Principles of HST[edit]

  1. Mechanical Load: Tension loading of muscles through exercise is a prerequisite for muscle hypertrophy.[2]
  2. Chronic Stimulation: These stimuli must be applied with sufficient frequency. Recovery can take place unabated even if the muscle is loaded again in 48 hours.[3] Acute responses to training, such as increased rates of protein accretion, return to normal in about 36 hours. Given these facts, waiting more than 48 hours between bouts of training for a particular muscle is a waste of time.
  3. Progressive Load: Over time, the tissue adapts and becomes resistant to the effects of mechanical load. To remain effective, the load must be steadily increased over time at a pace which exceeds the rate of adaptation.
  4. Strategic Deconditioning: When the load has been increased at the appropriate pace for long enough, the weights either become intolerable, or the risk of injury becomes too great. Since the load can no longer be increased, to continue hypertrophy, the adaptation to the load must be reversed. To accomplish this, after the highest weights are used, training is halted for a period to allow the muscles to "Decondition" and allow hypertrophic response to training once again. This process happens after the end of a 6-8 week "cycle" and can last from 9–14 days preceding a new "cycle".

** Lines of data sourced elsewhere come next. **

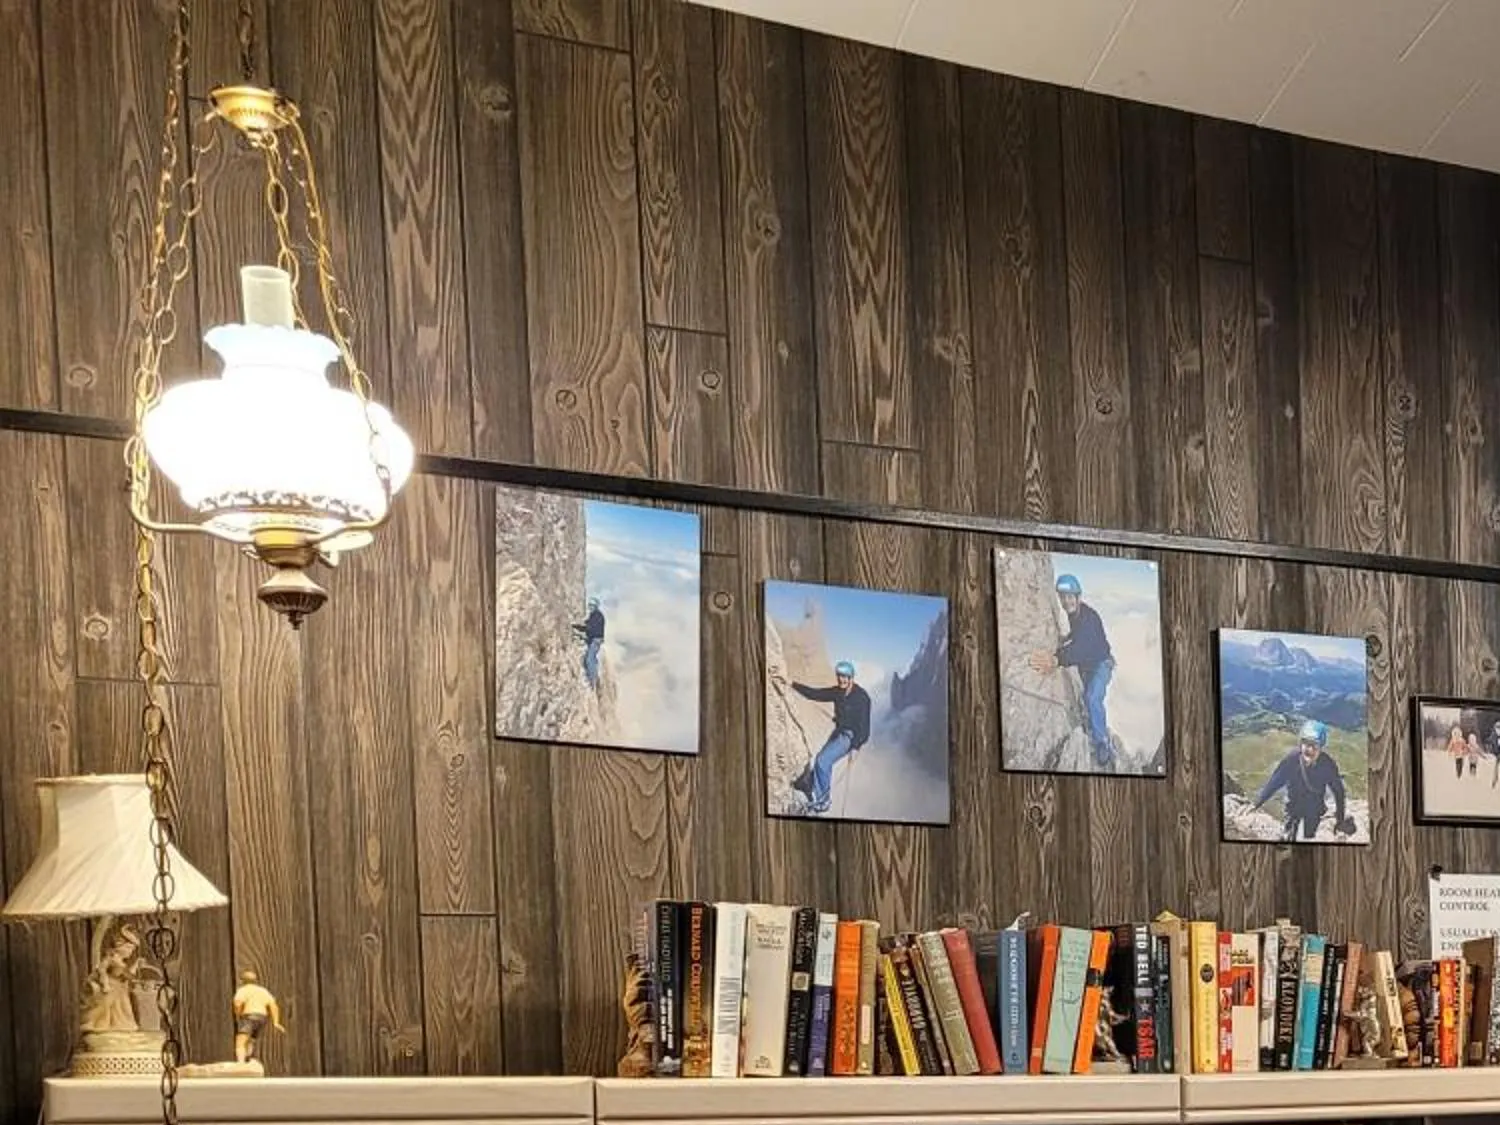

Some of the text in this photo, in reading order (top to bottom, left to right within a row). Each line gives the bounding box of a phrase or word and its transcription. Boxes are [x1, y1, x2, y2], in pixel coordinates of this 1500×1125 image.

[1439, 887, 1471, 898] ROOM
[1439, 901, 1490, 911] CONTROL
[691, 907, 703, 959] BERNARD
[1135, 926, 1154, 1060] TED BELL TSAR
[1279, 979, 1295, 1043] KLONDIKE

Other concepts featured in HST[edit]

  • Utilizing lactic acid as a stimulus for tendon repair/health: Periodically exercising at higher reps produces lactic acid which prepares the muscles and tendons for future heavy loads.[4] Compound exercises are used to maximize the effects.
  • Progressively Adjusting reps to accommodate Progressive Load: HST suggests that you gradually reduce the number of reps per set to accommodate the ever increasing load. Many common "HST" programs start with a 15 rep, 2 week "semi-cycle" that is performed over six workouts with the sixth workout being at the exercisers maximum 15-rep weight. The next semi-cycle, reps are reduced to 10, then 5, finally ending with a repeat of the 5 rep cycle, or eccentric repetitions. Each semi-cycle adds to equal one full 8 week cycle.

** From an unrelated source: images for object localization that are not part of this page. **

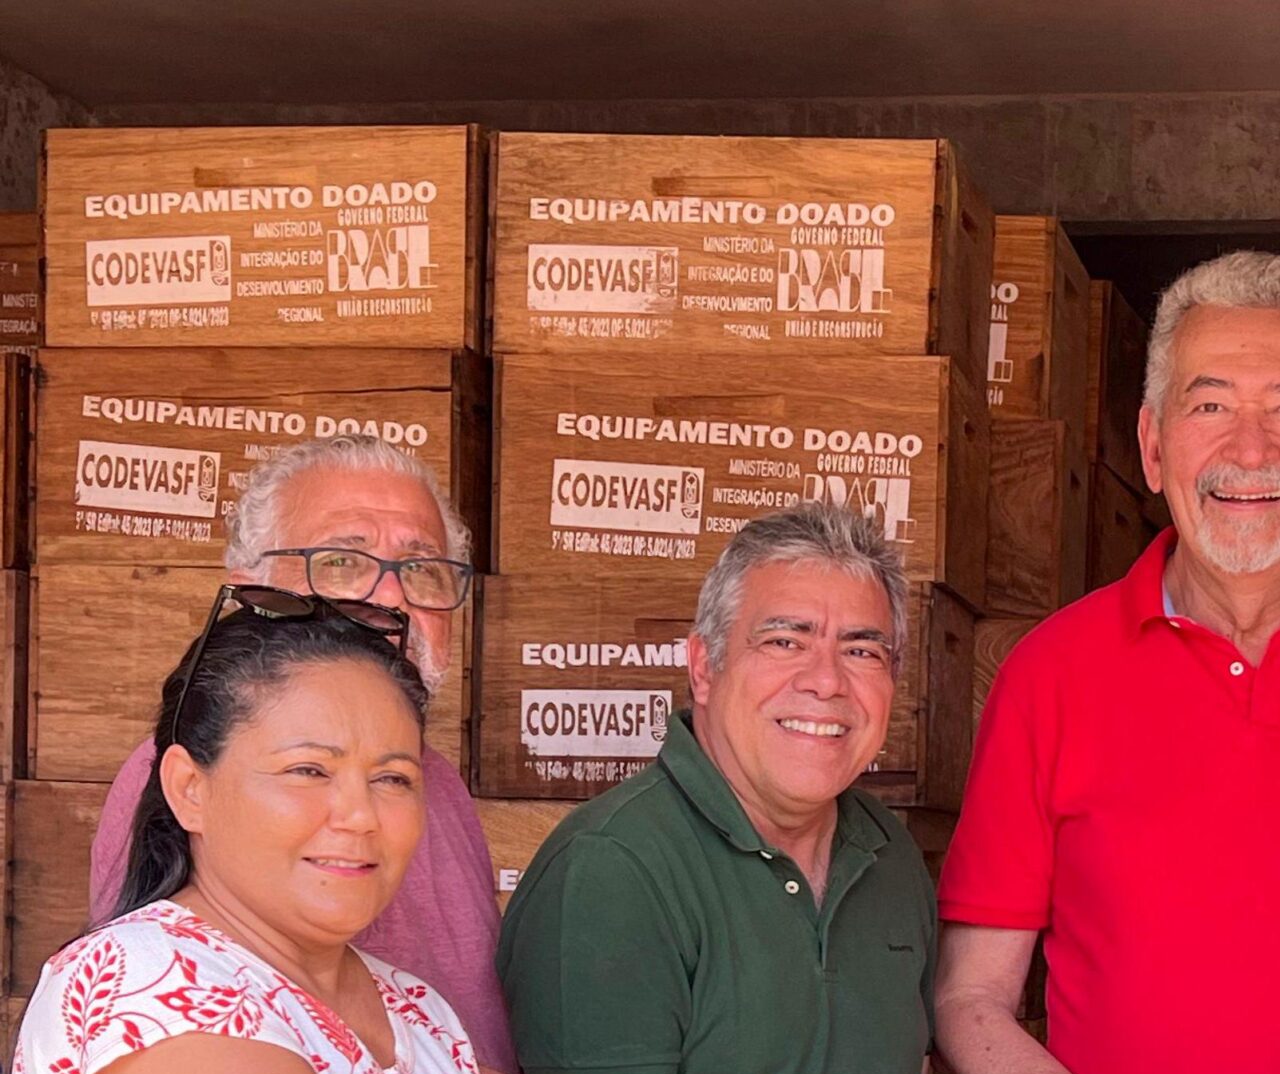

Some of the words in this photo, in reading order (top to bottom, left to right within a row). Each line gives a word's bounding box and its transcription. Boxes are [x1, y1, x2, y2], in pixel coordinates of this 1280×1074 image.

[85, 185, 313, 220] EQUIPAMENTO
[322, 180, 437, 208] DOADO
[528, 197, 766, 226] EQUIPAMENTO
[776, 202, 895, 227] DOADO
[309, 221, 323, 236] DA
[337, 208, 383, 226] GOVERNO
[386, 206, 428, 223] FEDERAL
[791, 227, 838, 245] GOVERNO
[840, 227, 884, 246] FEDERAL
[91, 249, 207, 287] CODEVASF
[301, 251, 309, 265] E
[310, 250, 323, 265] DO
[532, 256, 653, 293] CODEVASF
[751, 267, 758, 282] E
[760, 268, 774, 283] DO
[237, 280, 324, 297] DESENVOLVIMENTO
[82, 395, 307, 436] EQUIPAMENTO
[556, 412, 794, 450] EQUIPAMENTO
[803, 428, 923, 458] DOADO
[81, 453, 196, 495] CODEVASF
[786, 462, 801, 479] DA
[817, 454, 864, 474] GOVERNO
[867, 456, 911, 477] FEDERAL
[557, 472, 677, 512] CODEVASF
[713, 487, 774, 508] INTEGRAÇÃO
[776, 492, 783, 507] E
[526, 702, 646, 736] CODEVASF
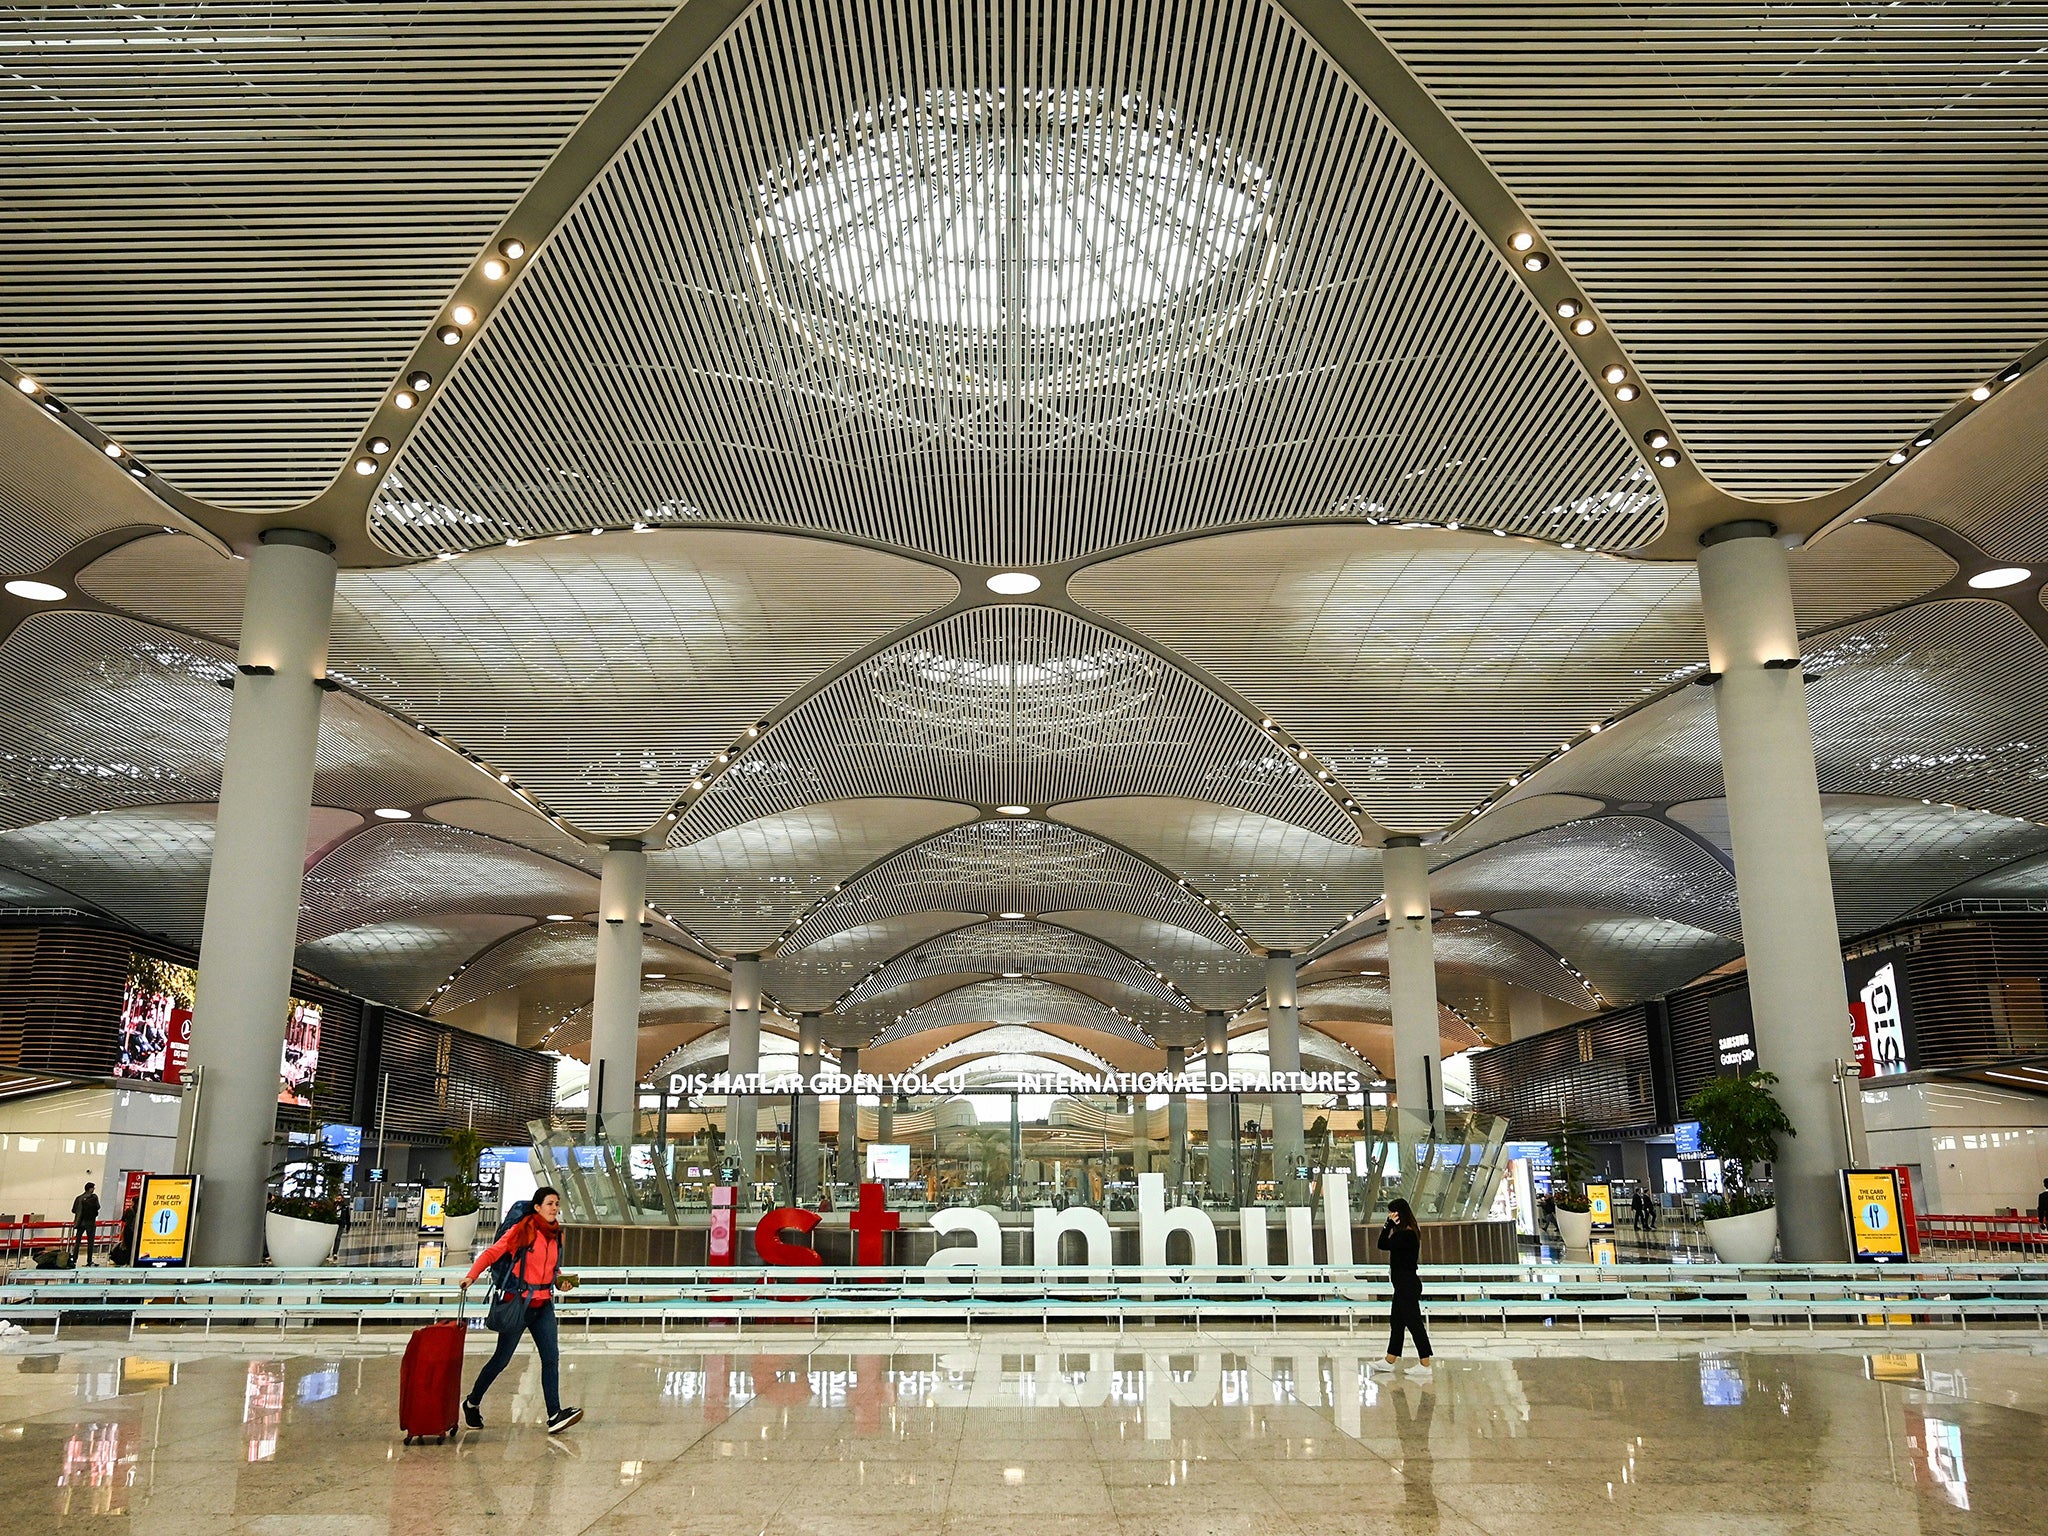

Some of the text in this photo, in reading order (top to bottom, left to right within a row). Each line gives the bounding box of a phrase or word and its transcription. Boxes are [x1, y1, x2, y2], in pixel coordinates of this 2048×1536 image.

[1718, 1033, 1749, 1051] SAMSUNG
[1720, 1053, 1742, 1066] Galaxy
[669, 1073, 708, 1099] DIŞ
[712, 1073, 804, 1094] HATLAR
[887, 1073, 965, 1094] YOLCU
[1017, 1071, 1361, 1093] INTERNATIONAL DEPARTURES

  • Low volume per exercise (average volume per week): HST suggests that you limit the number of sets per exercise per workout to 1 or 2, based on evidence that sets beyond the first effective set do little to contribute to hypertrophy.[5] Instead of doing 6 sets of a bench press in one workout once or twice per week, those sets are spread over three workouts in the course of a week. This accommodates the concept of chronic load by allowing for exercise every two days or so.


  1. ^ Haycock, Bryan (2002). "HSN: About Us". Official Website of HST. Hypertrophy-Specific Nutrition. Retrieved 2008-02-13. 

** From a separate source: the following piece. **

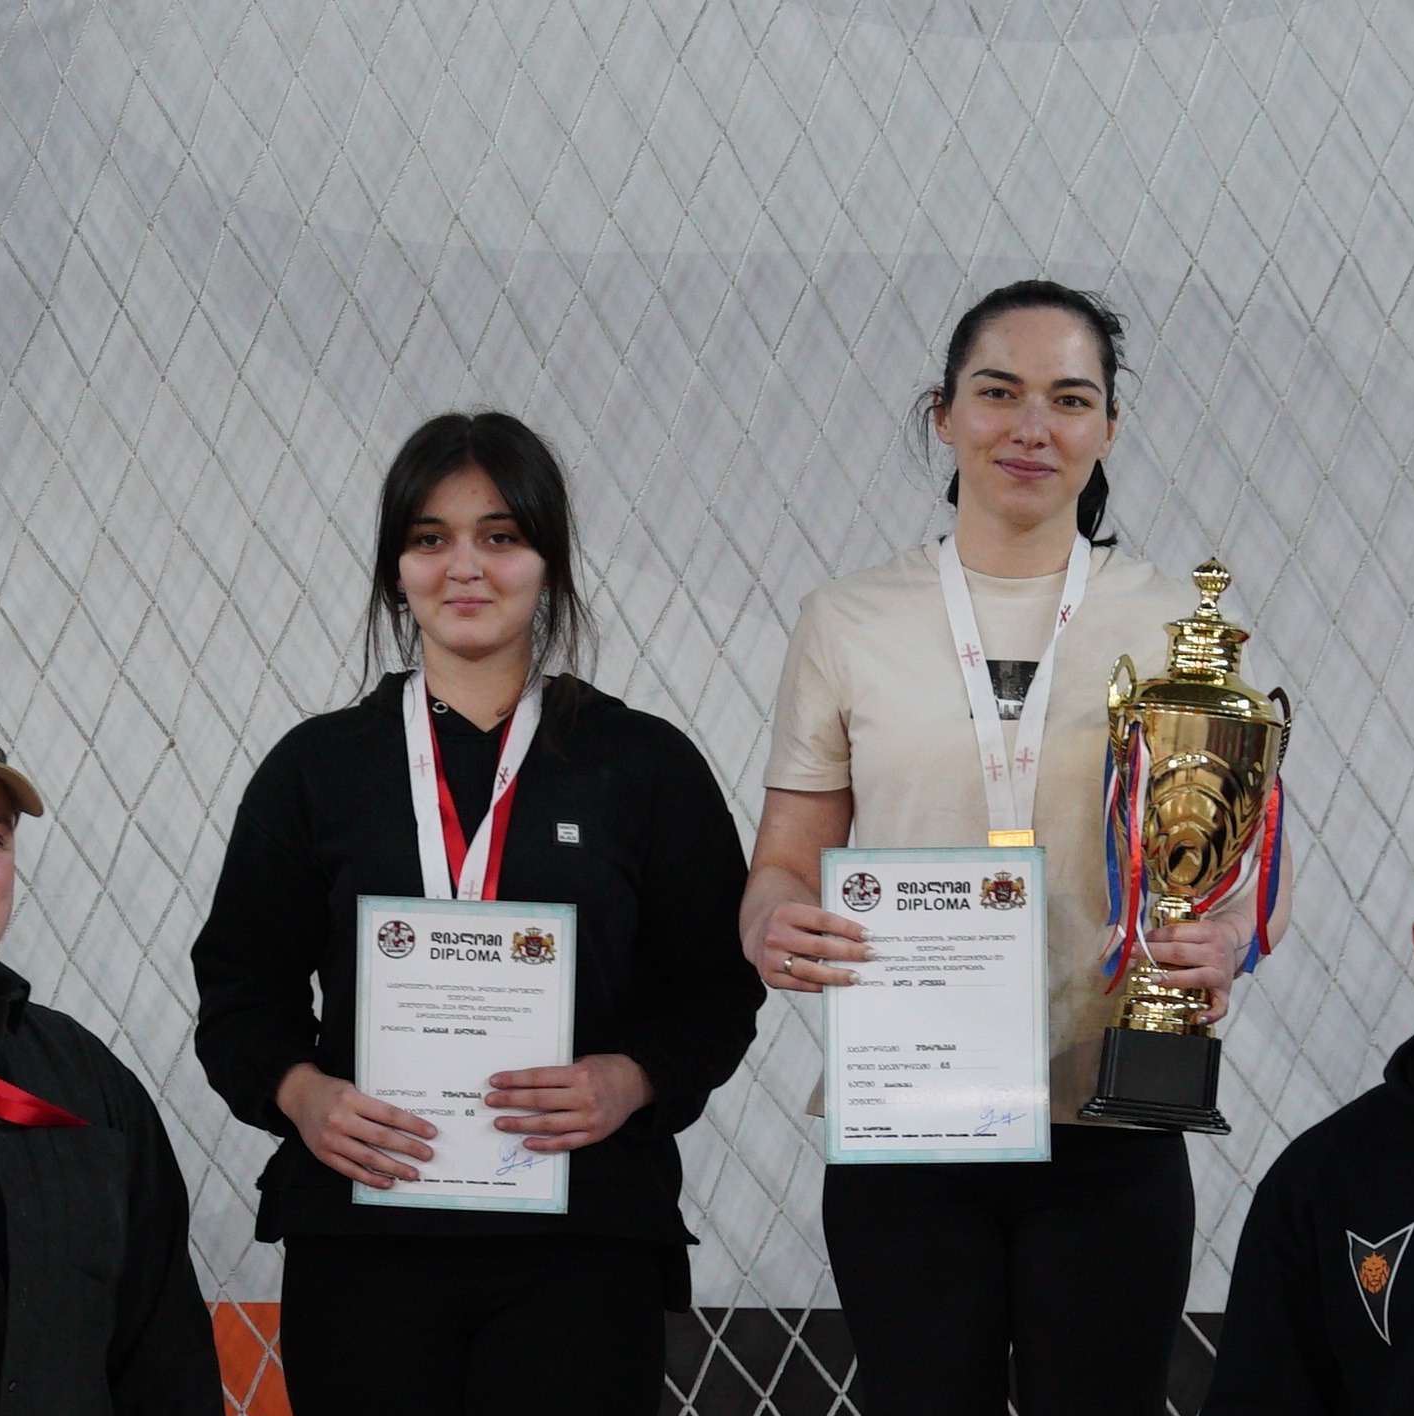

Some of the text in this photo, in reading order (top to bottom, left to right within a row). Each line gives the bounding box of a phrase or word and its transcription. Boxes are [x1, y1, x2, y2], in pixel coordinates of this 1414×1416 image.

[897, 880, 971, 894] დიპლომი
[897, 897, 971, 911] DIPLOMA
[431, 931, 502, 947] დიპლომი
[430, 947, 502, 963] DIPLOMA

  2. ^ "Skeletal Muscle Hypertrophy". Muscle Physiology. University of California, San Diego. 2000. Retrieved 2006-11-02. 
  3. ^ Nosaka, K. and Newton, M. (2002-02-16). "Repeated eccentric exercise bouts do not exacerbate muscle damage and repair". J Strength Cond Res (Exercise and Sports Science) 16 (1): 117–22. doi:10.1519/1533-4287(2002)016<0117:reebdn>2.0.co;2. PMID 11834116. 
  4. ^ [Citation Needed]
  5. ^ Hass CJ, Garzarella L, de Hoyos D, Pollock ML. (January 2000). "Single versus multiple sets in long-term recreational weightlifters". Medicine and science in sports and exercise (Medicine and science in sports and exercise) 32 (1): 235–42. doi:10.1097/00005768-200001000-00035. PMID 10647555.